それでも素足には冷たい床が冬を主張しているようで、たまらなくなってシャワーからお湯を出した。

仲睦まじい恋人同士であれば、事後のシャワーも一緒なのだろう。そんなことが頭をよぎるが野暮なことだと頭を振る。

彼は今タバコを吸っている。いつもの事だ。することが済んで、すぐひとりでシャワーを浴びて、ベランダに行く。

それでいい。私たちはただお互いの欲求を解消するためだけの関係で、その間に余計な感情は持ち込むべきではない。
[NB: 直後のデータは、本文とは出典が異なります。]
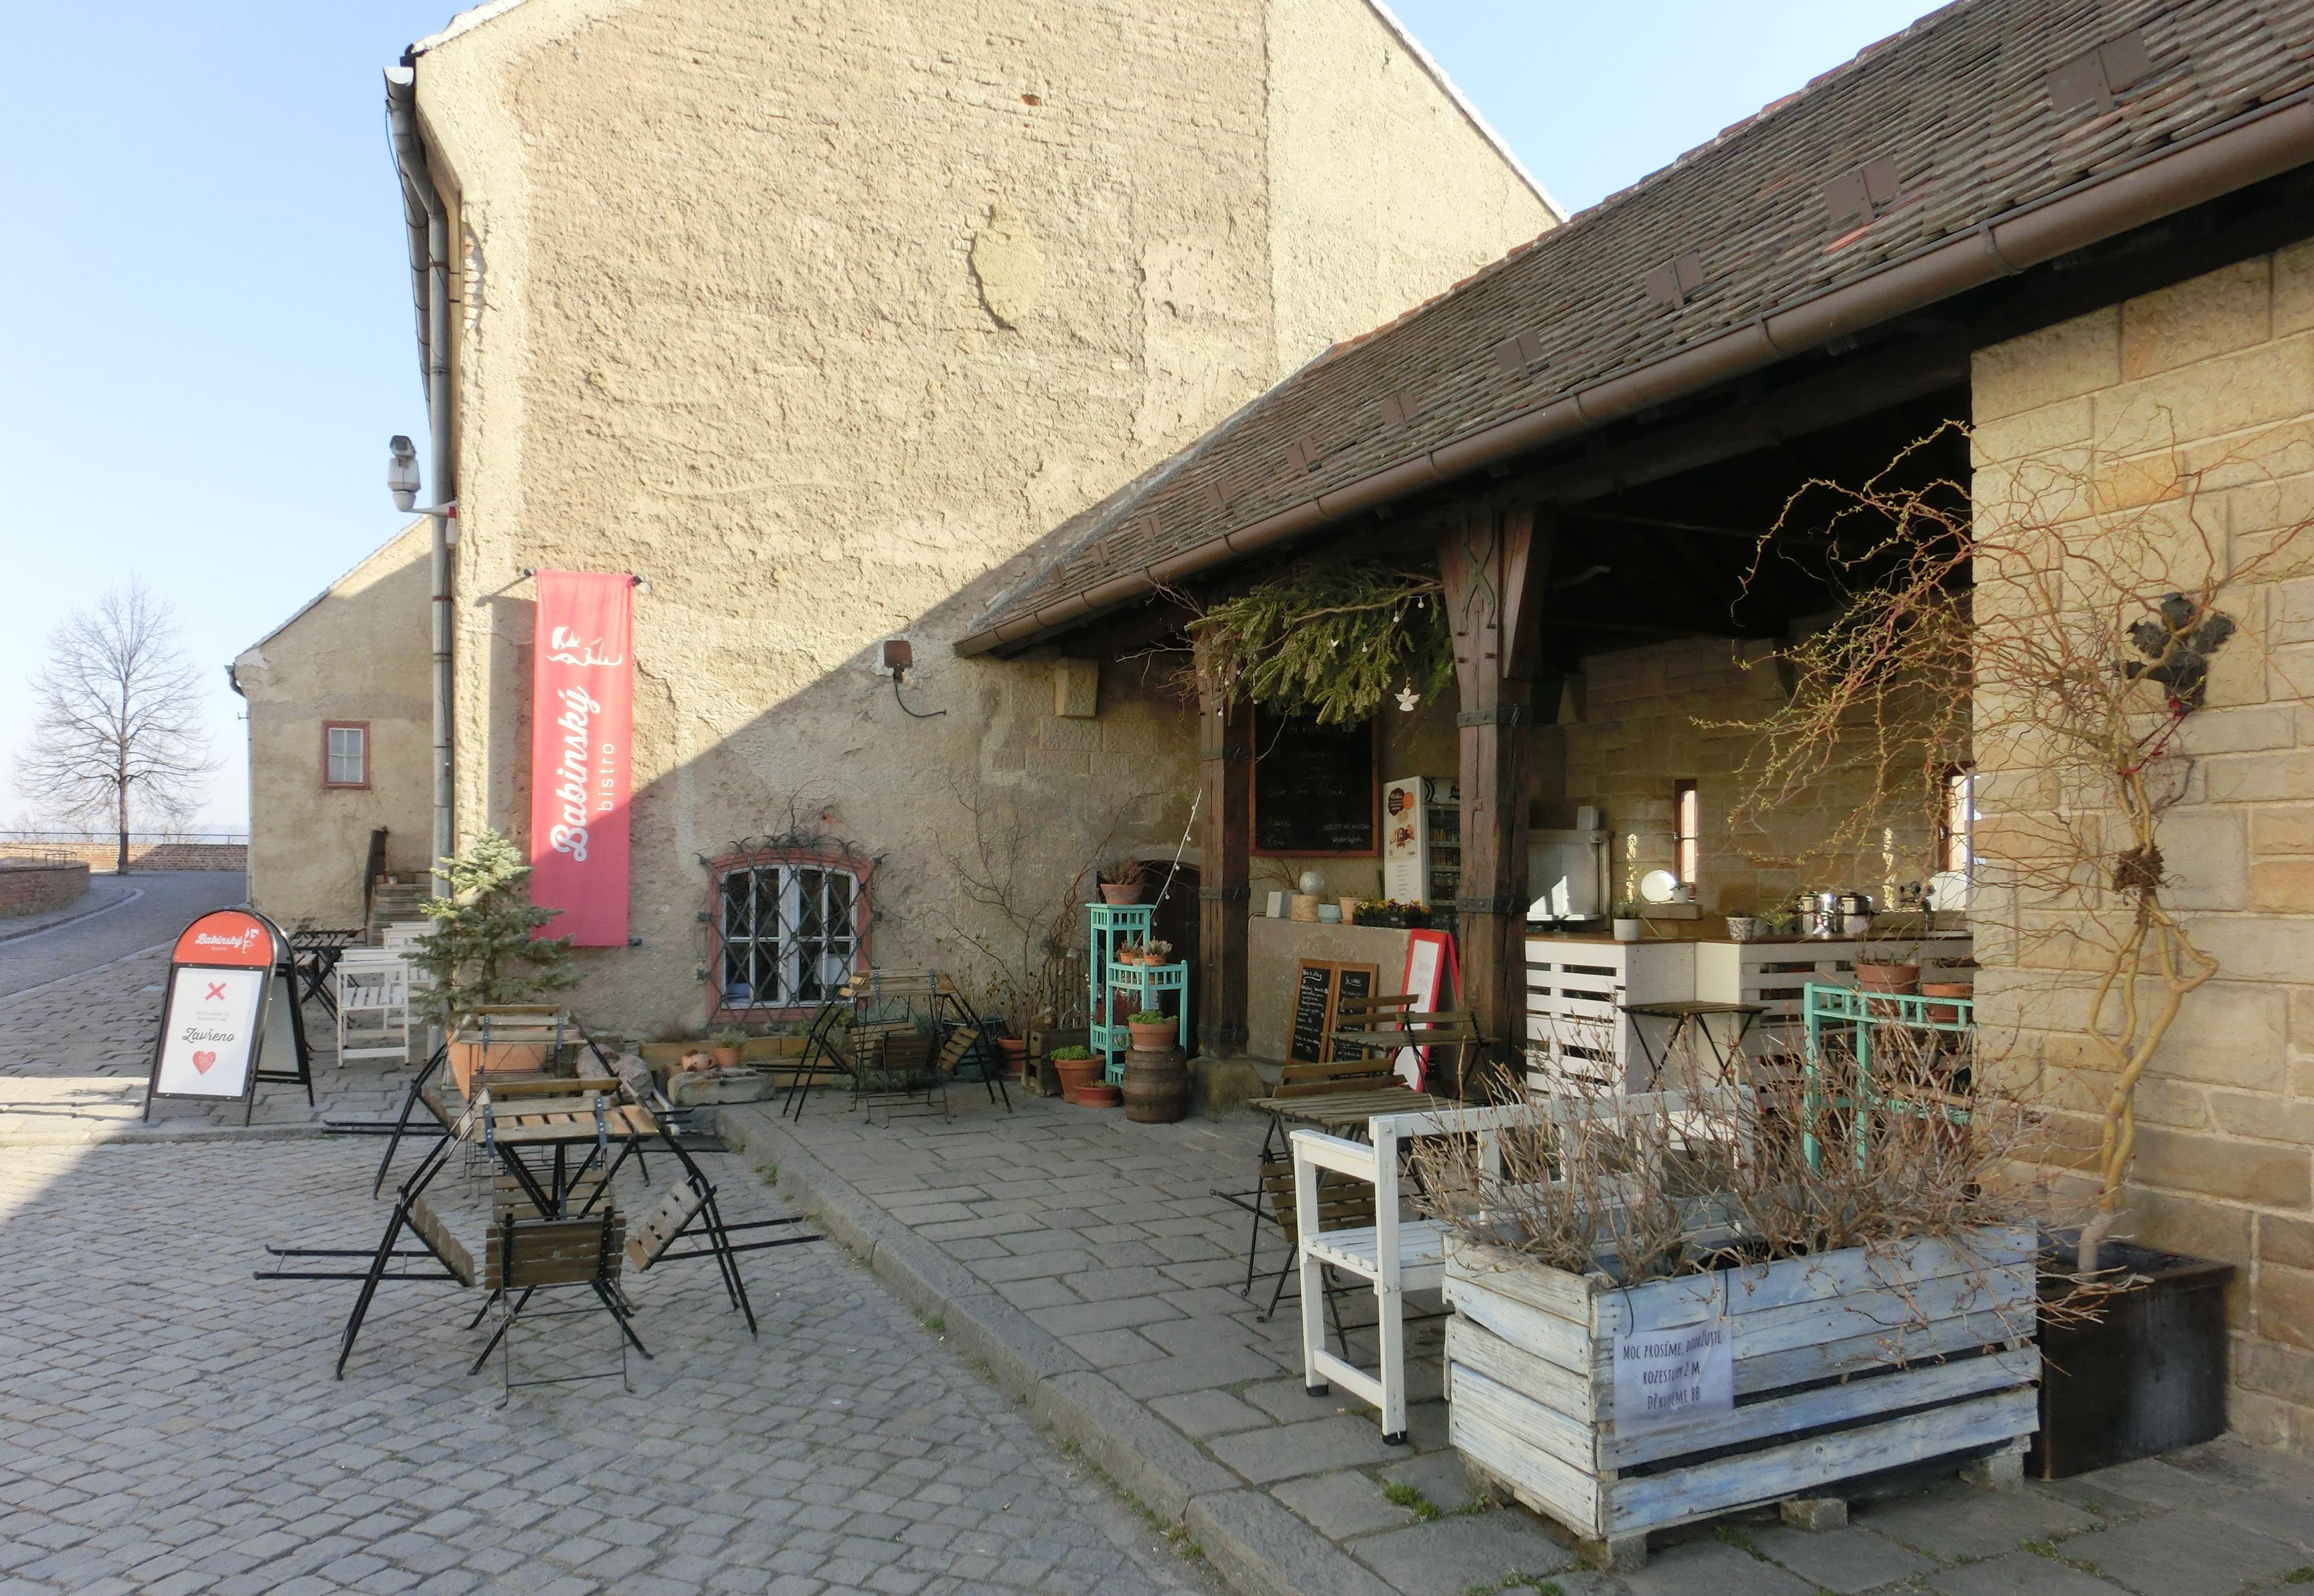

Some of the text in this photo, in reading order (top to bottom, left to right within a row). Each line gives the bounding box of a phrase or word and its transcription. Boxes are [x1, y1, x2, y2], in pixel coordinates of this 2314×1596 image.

[550, 686, 600, 862] Babinský
[598, 743, 614, 811] bistro
[195, 933, 243, 948] Babinský
[182, 1027, 236, 1043] Zavřeno
[1623, 1345, 1641, 1360] MOC
終わったら自分がしたいように、シャワーでもタバコでもなんでもすればいいのだ。私も少し休憩してからシャワーを浴びたい。とても合理的な流れだと思う。

泡立てたボディーソープを体に広げる。

ふと、事に及ぶ前に見た映画のシーンを思い出す。

恋愛ものの洋画だった。彼と見る映画は恋愛色が強いものが多い。そして必ずベットシーンがある。愛し合う2人がベットで重なり合うのを横目に、彼は私に覆い被さるのだ。今回もそうだった。
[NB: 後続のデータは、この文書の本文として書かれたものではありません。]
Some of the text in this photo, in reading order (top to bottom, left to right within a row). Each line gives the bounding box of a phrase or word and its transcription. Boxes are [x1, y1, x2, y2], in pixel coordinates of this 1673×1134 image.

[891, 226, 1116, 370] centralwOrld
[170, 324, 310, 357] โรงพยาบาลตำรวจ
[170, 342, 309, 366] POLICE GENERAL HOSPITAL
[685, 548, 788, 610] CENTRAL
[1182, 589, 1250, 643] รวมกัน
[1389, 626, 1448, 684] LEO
唇に柔らかい感触がして、気付けば深く口付けあっている。
彼の顔が離れ、次は首にやわらかさを感じた。すこしのくすぐったさと恥ずかしさが襲う。

照れたように顔を逸らした先にあった俳優の顔。

『Love you』

愛してると紡いだ口元が、その目が、どうしてか頭を離れない。

いつも通りの流れだった。きれいで、合理的で、お互いの気持ちを高めあって満足度の高い夜にするための。

彼の口からこぼれる「愛してる」も、いつも通りだった。欲望で燃える目もいつも通りで。

けれど、ほんの少しだけ思ってしまった。彼から、本当の愛してるを贈られたとしたら、欲望だけでなく、愛情も閉じ込めた瞳で見つめられたら。

錯覚する。彼の手つきが、私を愛するものでは無いと知っているのに。

今日は少し、別々のシャワーが悲しいなんて。


シャワーからお湯を出した。
全部流れればいいと思った。
ボディーソープの泡も、夜の痕跡も、私の要らない感情も、全て。

私たちはただお互いの欲求を解消するためだけの関係。余計なものを持ち込むべきでは無い。

私の本当の愛してるは、あなたにはあげない。


お湯を止める。
足を踏み入れた時よりも白く曇った浴室を出る。
そして換気扇をつけた。
いつもならすぐにタオルを手に取るけれど。
今は少しでも早く、このもやを取り払ってしまいたかった。